Do fish get bored living in an aquarium for all of their life?

Boredom is an emotion and you get on shaky ground when you start ascribing emotions to animals, especially ones so different from us. We are close enough to apes that we can often guess their emotional state, although we even can get that wrong with chimps. They see a smile as aggression, for example.

Fish have much simpler brains than we have and may not even have the hardware for emotions. That being said, it could be argued that it is cruel to keep a fish contrary to its social needs, if it has any. Many aquarium fish such as tetras, rasboras and Corydoras catfish are schooling fish. Their security comes from being part of a school. Not providing them with a school can make them behave abnormally. Other fish are solitary except at spawning time. Some will tolerate non-related species but don’t interact with them. They may be fine being alone their entire lives. Bettas are an example of this type of fish. If you put two Bettas together and they are not ready to spawn, one will likely kill the other in an aquarium. Cichlids, on the other hand can have complex social structures. Mbuna from Lake Malawi need to be crowded in an aquarium to defuse aggressive behavior. Keeping too few will result in bloodshed. Other cichlids form bonded pairs and apparently not any other fish will do. Some individuals just don’t get along. Some people keep large cichlids as single specimens in aquaria and they frequently interact with their keeper.

Personally, I don’t think fish get bored, just like I don’t think dogs can get bored. I believe that all of these animals live in the moment, without the concept of time. Watch a dog. When all their needs are satisfied, they just lay around. However when they receive the right stimulus they are up barking at the mailman or neighbor walking their dog. Or they are at the door ready for their walk. When the stimulus ends, so does the behavior.

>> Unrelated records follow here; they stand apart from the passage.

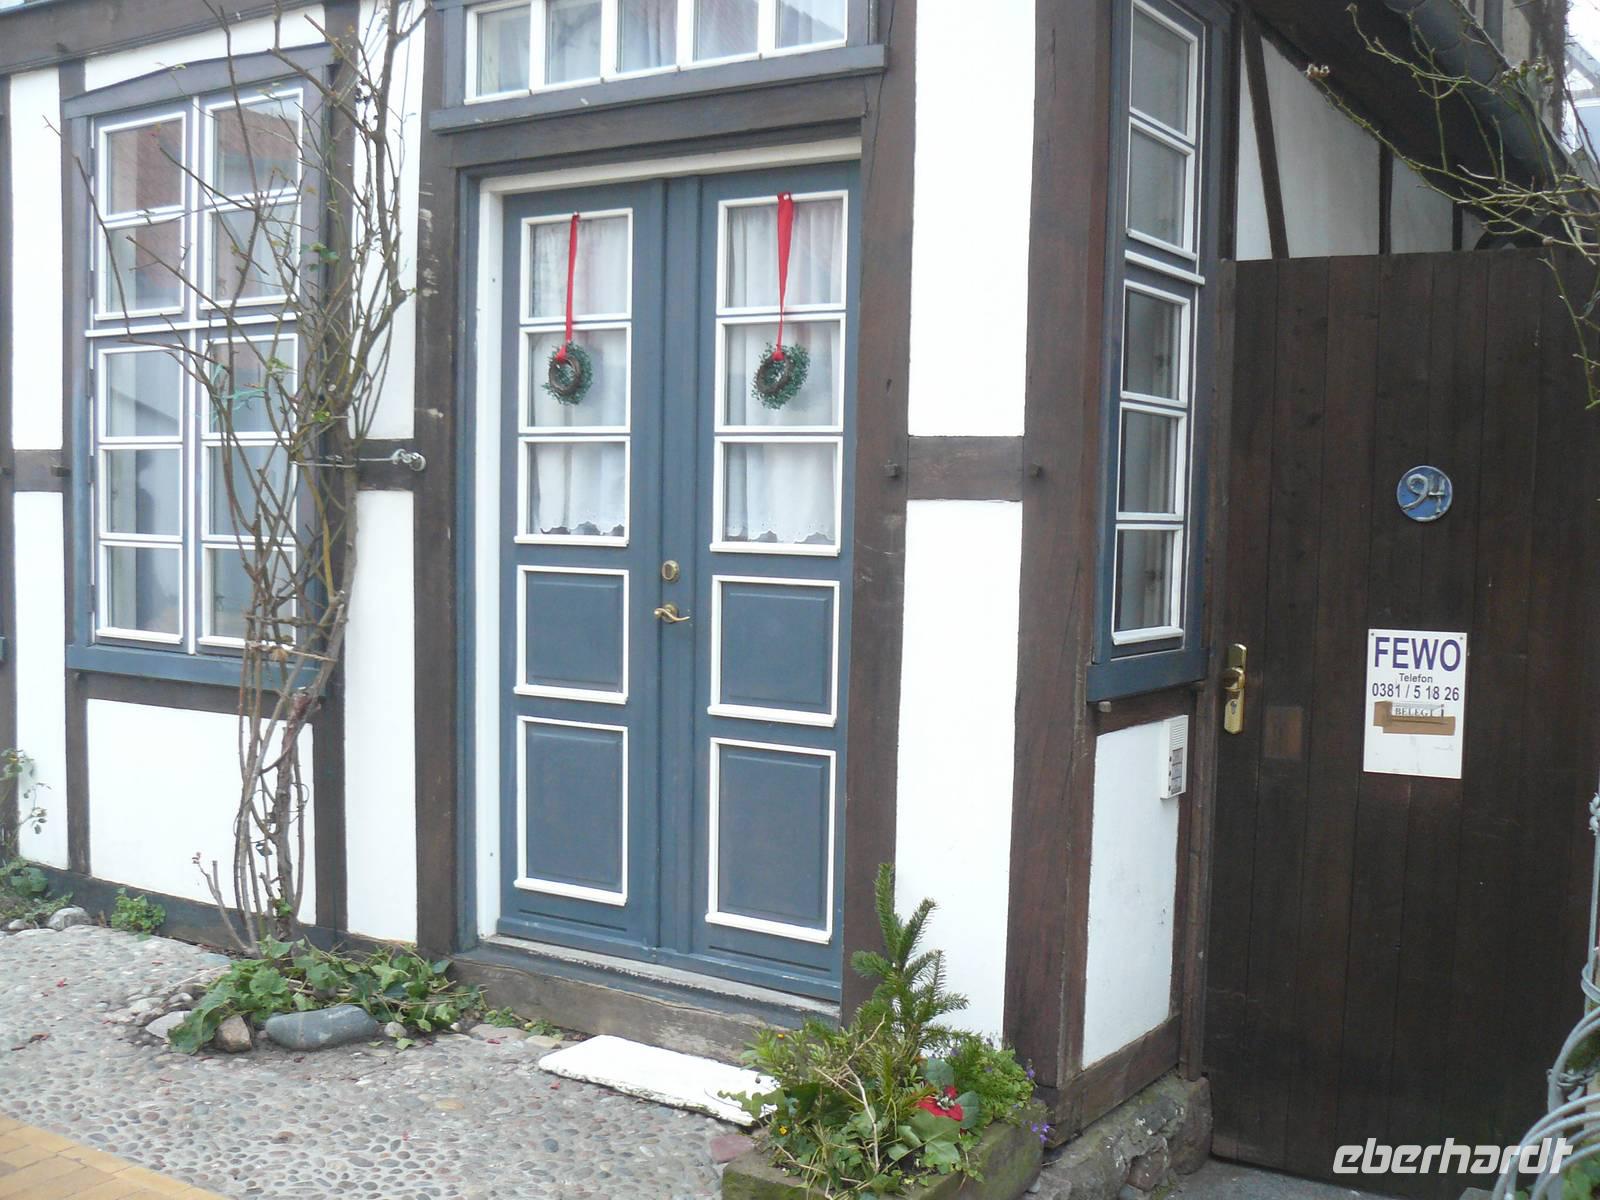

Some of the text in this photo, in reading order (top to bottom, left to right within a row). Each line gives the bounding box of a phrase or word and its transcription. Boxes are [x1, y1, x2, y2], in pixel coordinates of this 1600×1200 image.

[1401, 474, 1446, 513] 94
[1374, 636, 1461, 671] FEWO
[1399, 672, 1433, 683] Telefon
[1372, 682, 1401, 698] 0381
[1414, 685, 1421, 699] 5
[1426, 686, 1440, 700] 18
[1444, 687, 1460, 701] 26
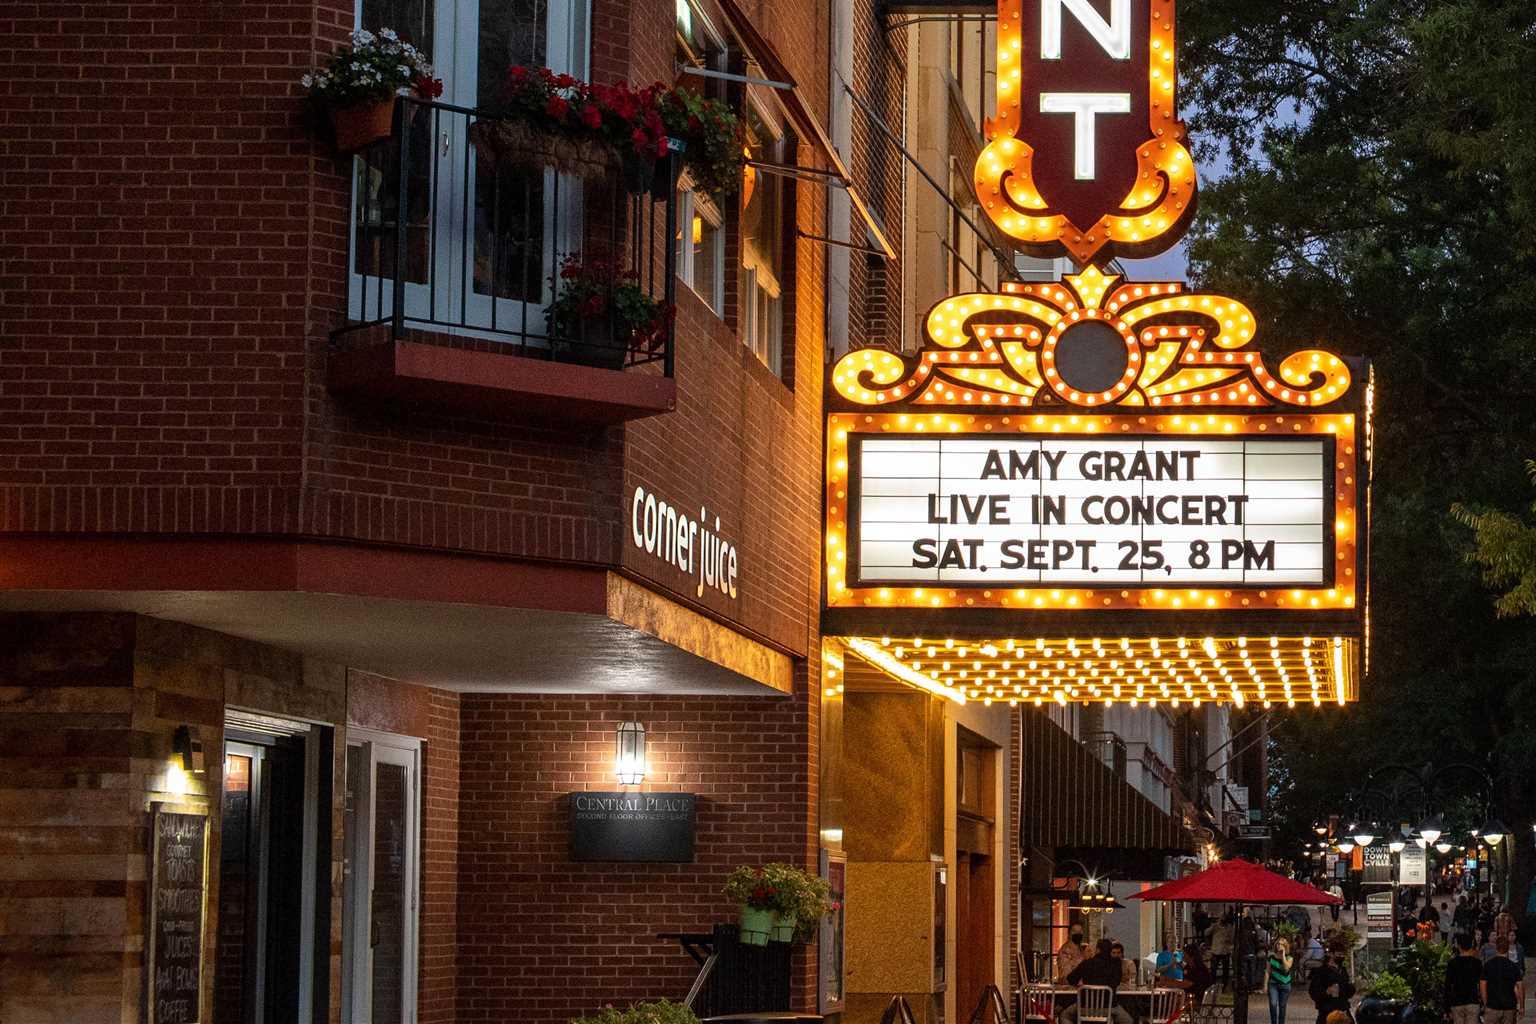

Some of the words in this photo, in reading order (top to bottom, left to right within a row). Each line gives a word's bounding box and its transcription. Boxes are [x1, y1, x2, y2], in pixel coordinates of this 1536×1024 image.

[980, 449, 1067, 482] AMY
[1079, 449, 1201, 482] GRANT
[927, 493, 1010, 525] LIVE
[1031, 494, 1067, 525] IN
[1080, 494, 1249, 526] CONCERT
[632, 486, 697, 574] corner
[697, 506, 737, 599] juice
[912, 538, 987, 573] SAT.
[1000, 538, 1098, 573] SEPT.
[1117, 539, 1173, 576] 25,
[1188, 538, 1211, 569] 8
[1221, 539, 1276, 571] PM
[576, 796, 642, 812] CENTRAL
[646, 796, 689, 812] PLACE
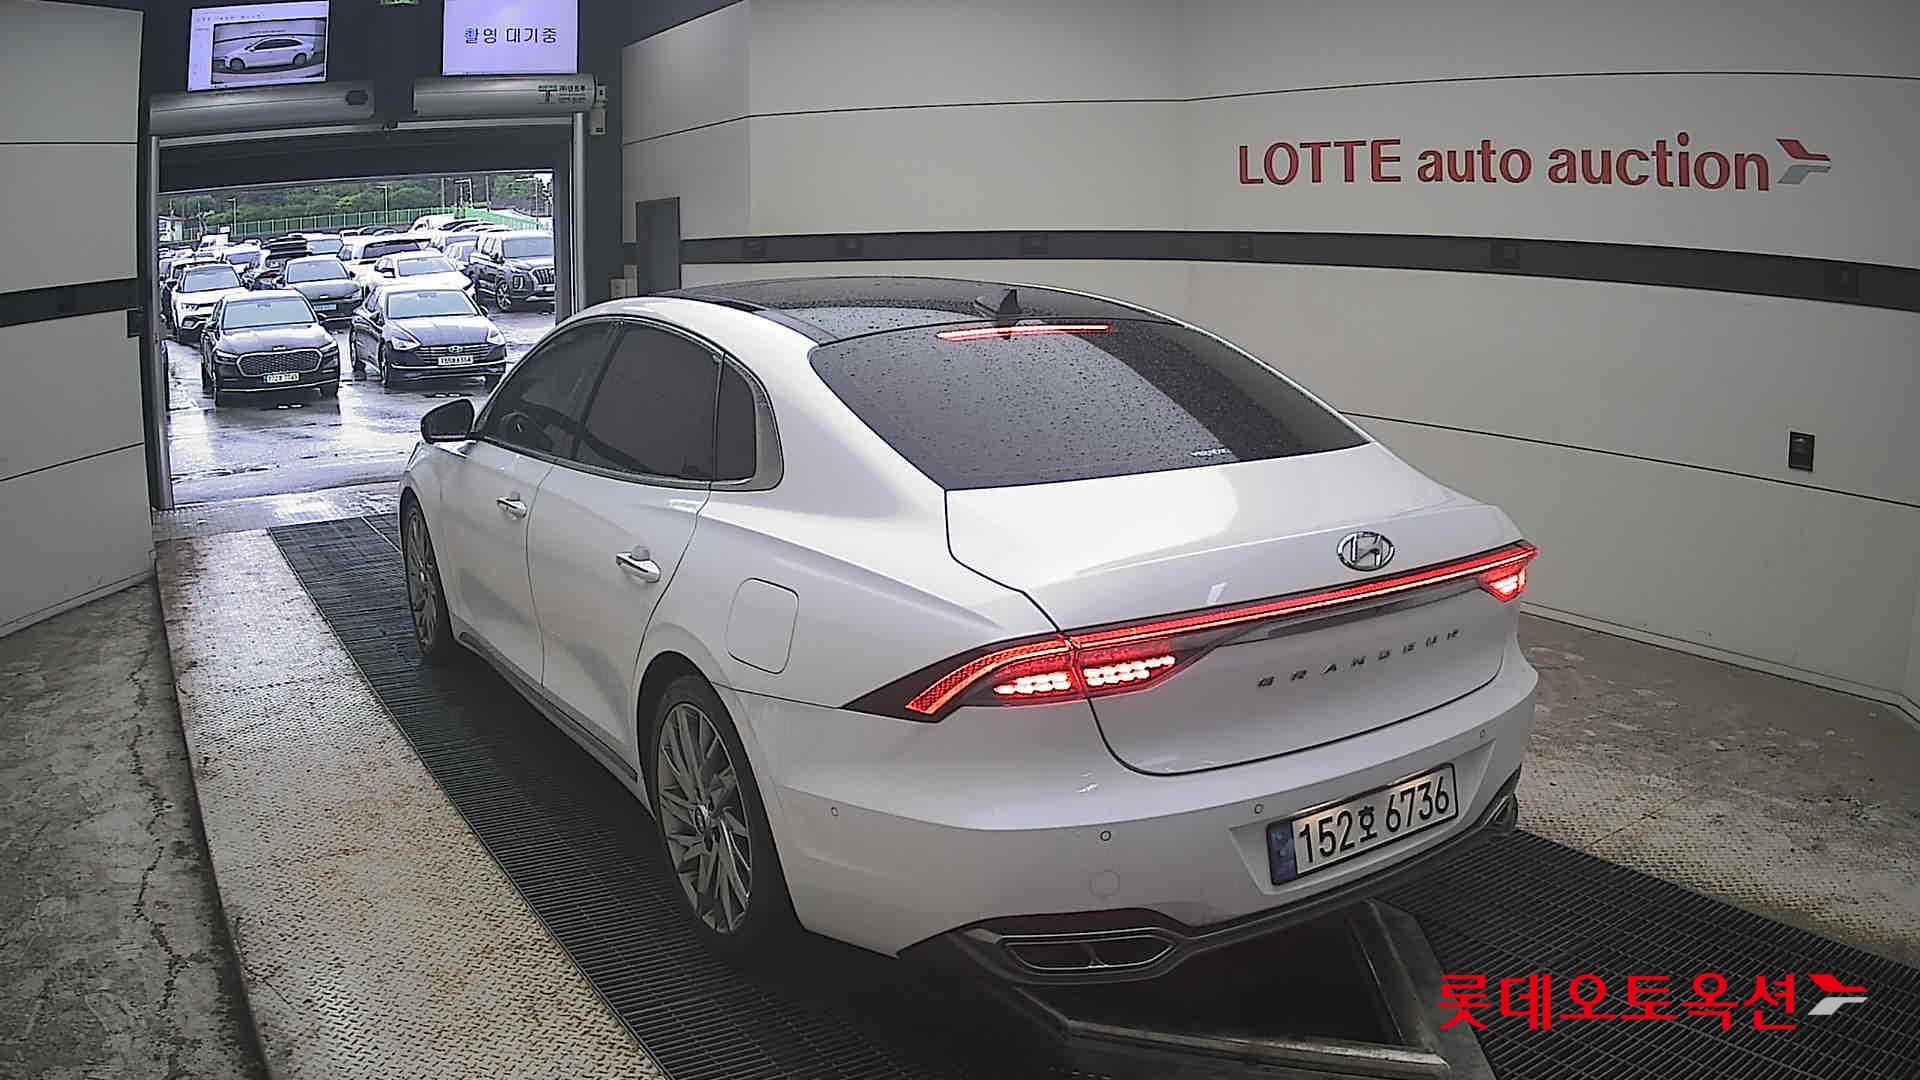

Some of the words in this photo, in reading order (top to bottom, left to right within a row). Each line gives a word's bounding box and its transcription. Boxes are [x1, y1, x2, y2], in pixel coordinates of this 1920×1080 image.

[464, 27, 497, 44] 촬영
[505, 27, 557, 44] 대기중
[1238, 138, 1401, 185] LOTTE
[1416, 139, 1533, 184] auto
[1547, 132, 1771, 192] auction
[1256, 628, 1460, 688] GRANDEUR
[1298, 805, 1379, 864] 152호
[1385, 775, 1451, 833] 6736
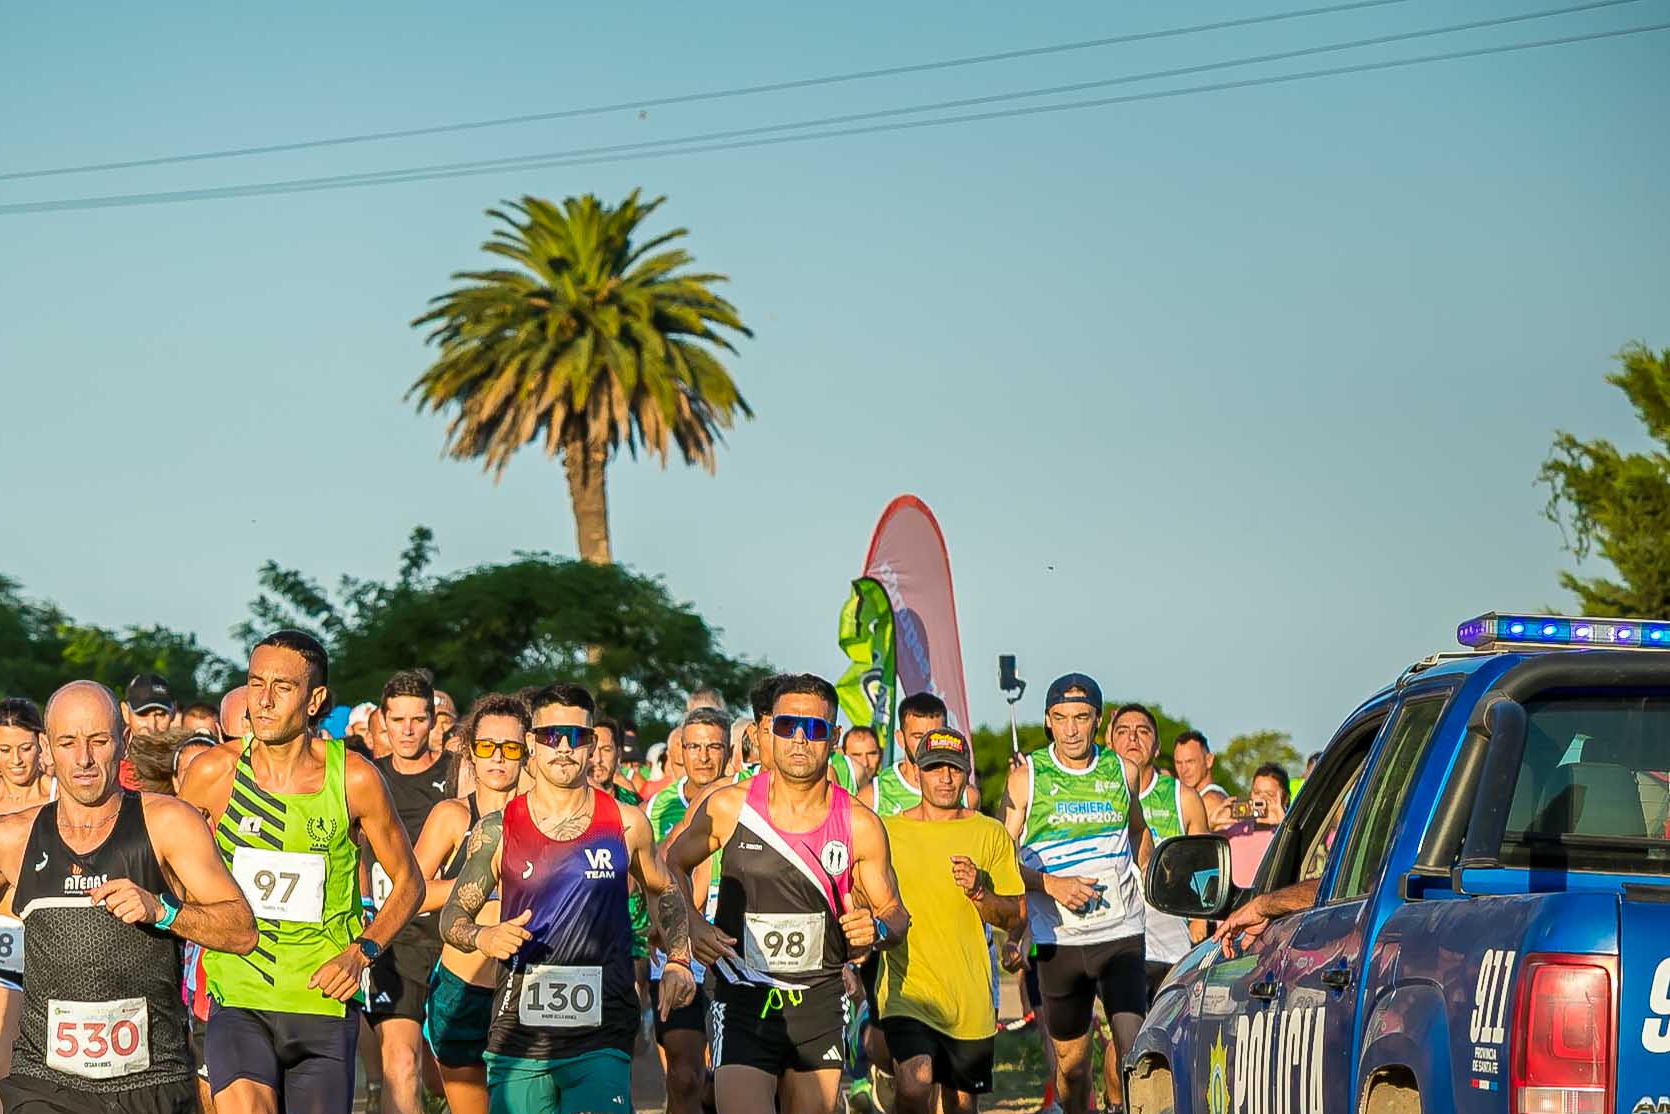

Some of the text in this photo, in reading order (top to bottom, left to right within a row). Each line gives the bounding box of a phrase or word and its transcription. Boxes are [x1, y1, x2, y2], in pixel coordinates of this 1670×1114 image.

The same could be said for a fish. It exists in a neutral state, awaiting stimuli. Take your Betta in its bowl, for example. When it is dark, he sleeps. When morning comes he awakens. If he is hungry he explores his surroundings picking on the biofilm that grows on every wet surface. When you add food, he eats. If he is healthy and the temperature is high enough he builds a bubble nest. If he sees a female Betta, he courts her. If she is receptive they spawn, if not he drives her away. If there is no stimulus, internal or external, he simply exists.